● REQUIRED ACTION
In full and without error, repeat the entries below.

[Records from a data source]

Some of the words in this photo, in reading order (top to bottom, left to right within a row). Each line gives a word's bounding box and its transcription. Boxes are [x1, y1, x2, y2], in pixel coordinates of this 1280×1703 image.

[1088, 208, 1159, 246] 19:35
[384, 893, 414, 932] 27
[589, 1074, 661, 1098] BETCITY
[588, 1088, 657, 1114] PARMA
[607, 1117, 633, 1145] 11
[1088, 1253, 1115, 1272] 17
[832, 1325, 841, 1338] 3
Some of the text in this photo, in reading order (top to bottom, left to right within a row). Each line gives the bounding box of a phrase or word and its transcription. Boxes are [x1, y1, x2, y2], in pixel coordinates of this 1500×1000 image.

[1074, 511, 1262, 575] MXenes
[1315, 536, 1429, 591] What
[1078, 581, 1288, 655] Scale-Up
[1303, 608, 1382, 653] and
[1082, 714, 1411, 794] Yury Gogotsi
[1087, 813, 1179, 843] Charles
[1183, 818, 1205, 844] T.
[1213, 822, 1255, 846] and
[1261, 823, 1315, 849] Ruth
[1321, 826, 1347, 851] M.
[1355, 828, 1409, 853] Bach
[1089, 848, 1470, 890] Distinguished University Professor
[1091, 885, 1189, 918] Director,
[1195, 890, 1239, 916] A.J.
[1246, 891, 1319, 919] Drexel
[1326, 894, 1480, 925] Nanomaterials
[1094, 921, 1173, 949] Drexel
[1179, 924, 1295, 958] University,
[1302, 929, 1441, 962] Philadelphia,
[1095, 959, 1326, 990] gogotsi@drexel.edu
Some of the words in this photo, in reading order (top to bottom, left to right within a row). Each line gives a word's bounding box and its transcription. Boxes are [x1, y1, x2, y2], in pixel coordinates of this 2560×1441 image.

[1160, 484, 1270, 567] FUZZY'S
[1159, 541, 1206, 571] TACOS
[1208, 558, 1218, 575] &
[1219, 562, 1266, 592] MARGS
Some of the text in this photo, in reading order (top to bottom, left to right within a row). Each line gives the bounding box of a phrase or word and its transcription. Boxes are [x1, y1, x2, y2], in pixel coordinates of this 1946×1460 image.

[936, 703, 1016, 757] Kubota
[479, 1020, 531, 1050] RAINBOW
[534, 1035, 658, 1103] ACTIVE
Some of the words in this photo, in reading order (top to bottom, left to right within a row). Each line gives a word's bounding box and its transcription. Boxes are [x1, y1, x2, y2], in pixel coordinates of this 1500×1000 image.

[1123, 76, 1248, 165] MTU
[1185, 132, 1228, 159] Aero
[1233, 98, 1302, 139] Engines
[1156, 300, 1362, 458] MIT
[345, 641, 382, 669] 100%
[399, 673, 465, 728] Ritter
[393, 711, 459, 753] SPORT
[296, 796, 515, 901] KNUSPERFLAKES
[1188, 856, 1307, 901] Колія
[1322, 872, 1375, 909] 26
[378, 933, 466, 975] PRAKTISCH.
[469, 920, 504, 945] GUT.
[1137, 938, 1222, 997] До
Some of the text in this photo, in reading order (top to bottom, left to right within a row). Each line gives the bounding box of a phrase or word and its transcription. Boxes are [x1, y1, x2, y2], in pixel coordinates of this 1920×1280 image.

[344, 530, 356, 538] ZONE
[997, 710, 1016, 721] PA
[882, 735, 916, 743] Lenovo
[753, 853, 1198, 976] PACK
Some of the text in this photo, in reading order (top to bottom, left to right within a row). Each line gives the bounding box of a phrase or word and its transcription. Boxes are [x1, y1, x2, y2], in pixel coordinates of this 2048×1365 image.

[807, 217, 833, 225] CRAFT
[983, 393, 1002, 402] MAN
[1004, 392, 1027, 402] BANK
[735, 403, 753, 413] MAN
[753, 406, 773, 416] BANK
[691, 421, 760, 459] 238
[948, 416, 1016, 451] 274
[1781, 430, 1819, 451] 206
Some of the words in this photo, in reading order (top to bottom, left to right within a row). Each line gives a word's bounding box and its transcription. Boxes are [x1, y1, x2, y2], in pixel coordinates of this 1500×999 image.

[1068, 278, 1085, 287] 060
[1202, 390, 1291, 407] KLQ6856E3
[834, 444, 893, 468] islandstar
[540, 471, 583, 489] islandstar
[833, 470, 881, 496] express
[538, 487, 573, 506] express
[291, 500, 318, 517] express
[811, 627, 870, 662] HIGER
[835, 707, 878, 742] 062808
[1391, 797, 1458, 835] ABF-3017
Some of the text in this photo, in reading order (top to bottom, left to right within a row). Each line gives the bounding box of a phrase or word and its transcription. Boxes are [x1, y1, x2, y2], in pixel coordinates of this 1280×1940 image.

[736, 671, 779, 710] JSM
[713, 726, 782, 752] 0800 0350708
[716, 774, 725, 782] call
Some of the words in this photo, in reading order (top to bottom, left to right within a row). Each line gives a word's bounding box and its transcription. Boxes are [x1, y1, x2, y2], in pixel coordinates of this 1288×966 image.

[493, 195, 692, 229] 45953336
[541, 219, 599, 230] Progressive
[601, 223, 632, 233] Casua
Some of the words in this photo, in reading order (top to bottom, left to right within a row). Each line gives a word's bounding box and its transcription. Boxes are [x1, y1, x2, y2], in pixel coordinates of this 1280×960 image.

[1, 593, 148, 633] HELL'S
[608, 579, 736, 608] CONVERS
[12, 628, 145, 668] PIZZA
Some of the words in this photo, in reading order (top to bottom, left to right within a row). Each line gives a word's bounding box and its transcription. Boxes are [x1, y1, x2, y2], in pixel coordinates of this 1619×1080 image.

● REPLY
Some of the words in this photo, in reading order (top to bottom, left to right within a row). Each line gives a word's bounding box and its transcription. Boxes are [x1, y1, x2, y2], in pixel coordinates of this 1280×1703 image.

[1088, 208, 1159, 246] 19:35
[384, 893, 414, 932] 27
[589, 1074, 661, 1098] BETCITY
[588, 1088, 657, 1114] PARMA
[607, 1117, 633, 1145] 11
[1088, 1253, 1115, 1272] 17
[832, 1325, 841, 1338] 3
Some of the text in this photo, in reading order (top to bottom, left to right within a row). Each line gives the bounding box of a phrase or word and its transcription. Boxes are [x1, y1, x2, y2], in pixel coordinates of this 1500×1000 image.

[1074, 511, 1262, 575] MXenes
[1315, 536, 1429, 591] What
[1078, 581, 1288, 655] Scale-Up
[1303, 608, 1382, 653] and
[1082, 714, 1411, 794] Yury Gogotsi
[1087, 813, 1179, 843] Charles
[1183, 818, 1205, 844] T.
[1213, 822, 1255, 846] and
[1261, 823, 1315, 849] Ruth
[1321, 826, 1347, 851] M.
[1355, 828, 1409, 853] Bach
[1089, 848, 1470, 890] Distinguished University Professor
[1091, 885, 1189, 918] Director,
[1195, 890, 1239, 916] A.J.
[1246, 891, 1319, 919] Drexel
[1326, 894, 1480, 925] Nanomaterials
[1094, 921, 1173, 949] Drexel
[1179, 924, 1295, 958] University,
[1302, 929, 1441, 962] Philadelphia,
[1095, 959, 1326, 990] gogotsi@drexel.edu
Some of the words in this photo, in reading order (top to bottom, left to right within a row). Each line gives a word's bounding box and its transcription. Boxes are [x1, y1, x2, y2], in pixel coordinates of this 2560×1441 image.

[1160, 484, 1270, 567] FUZZY'S
[1159, 541, 1206, 571] TACOS
[1208, 558, 1218, 575] &
[1219, 562, 1266, 592] MARGS
Some of the text in this photo, in reading order (top to bottom, left to right within a row). Each line gives the bounding box of a phrase or word and its transcription. Boxes are [x1, y1, x2, y2], in pixel coordinates of this 1946×1460 image.

[936, 703, 1016, 757] Kubota
[479, 1020, 531, 1050] RAINBOW
[534, 1035, 658, 1103] ACTIVE
Some of the words in this photo, in reading order (top to bottom, left to right within a row). Each line gives a word's bounding box and its transcription. Boxes are [x1, y1, x2, y2], in pixel coordinates of this 1500×1000 image.

[1123, 76, 1248, 165] MTU
[1185, 132, 1228, 159] Aero
[1233, 98, 1302, 139] Engines
[1156, 300, 1362, 458] MIT
[345, 641, 382, 669] 100%
[399, 673, 465, 728] Ritter
[393, 711, 459, 753] SPORT
[296, 796, 515, 901] KNUSPERFLAKES
[1188, 856, 1307, 901] Колія
[1322, 872, 1375, 909] 26
[378, 933, 466, 975] PRAKTISCH.
[469, 920, 504, 945] GUT.
[1137, 938, 1222, 997] До
Some of the text in this photo, in reading order (top to bottom, left to right within a row). Each line gives the bounding box of a phrase or word and its transcription. Boxes are [x1, y1, x2, y2], in pixel coordinates of this 1920×1280 image.

[344, 530, 356, 538] ZONE
[997, 710, 1016, 721] PA
[882, 735, 916, 743] Lenovo
[753, 853, 1198, 976] PACK
Some of the text in this photo, in reading order (top to bottom, left to right within a row). Each line gives the bounding box of a phrase or word and its transcription. Boxes are [x1, y1, x2, y2], in pixel coordinates of this 2048×1365 image.

[807, 217, 833, 225] CRAFT
[983, 393, 1002, 402] MAN
[1004, 392, 1027, 402] BANK
[735, 403, 753, 413] MAN
[753, 406, 773, 416] BANK
[691, 421, 760, 459] 238
[948, 416, 1016, 451] 274
[1781, 430, 1819, 451] 206
Some of the words in this photo, in reading order (top to bottom, left to right within a row). Each line gives a word's bounding box and its transcription. Boxes are [x1, y1, x2, y2], in pixel coordinates of this 1500×999 image.

[1068, 278, 1085, 287] 060
[1202, 390, 1291, 407] KLQ6856E3
[834, 444, 893, 468] islandstar
[540, 471, 583, 489] islandstar
[833, 470, 881, 496] express
[538, 487, 573, 506] express
[291, 500, 318, 517] express
[811, 627, 870, 662] HIGER
[835, 707, 878, 742] 062808
[1391, 797, 1458, 835] ABF-3017
Some of the text in this photo, in reading order (top to bottom, left to right within a row). Each line gives the bounding box of a phrase or word and its transcription. Boxes are [x1, y1, x2, y2], in pixel coordinates of this 1280×1940 image.

[736, 671, 779, 710] JSM
[713, 726, 782, 752] 0800 0350708
[716, 774, 725, 782] call
Some of the words in this photo, in reading order (top to bottom, left to right within a row). Each line gives a word's bounding box and its transcription. Boxes are [x1, y1, x2, y2], in pixel coordinates of this 1288×966 image.

[493, 195, 692, 229] 45953336
[541, 219, 599, 230] Progressive
[601, 223, 632, 233] Casua
Some of the words in this photo, in reading order (top to bottom, left to right within a row). Each line gives a word's bounding box and its transcription. Boxes are [x1, y1, x2, y2], in pixel coordinates of this 1280×960 image.

[1, 593, 148, 633] HELL'S
[608, 579, 736, 608] CONVERS
[12, 628, 145, 668] PIZZA
Some of the words in this photo, in reading order (top to bottom, left to right within a row). Each line gives a word's bounding box and its transcription. Boxes are [x1, y1, x2, y2], in pixel coordinates of this 1619×1080 image.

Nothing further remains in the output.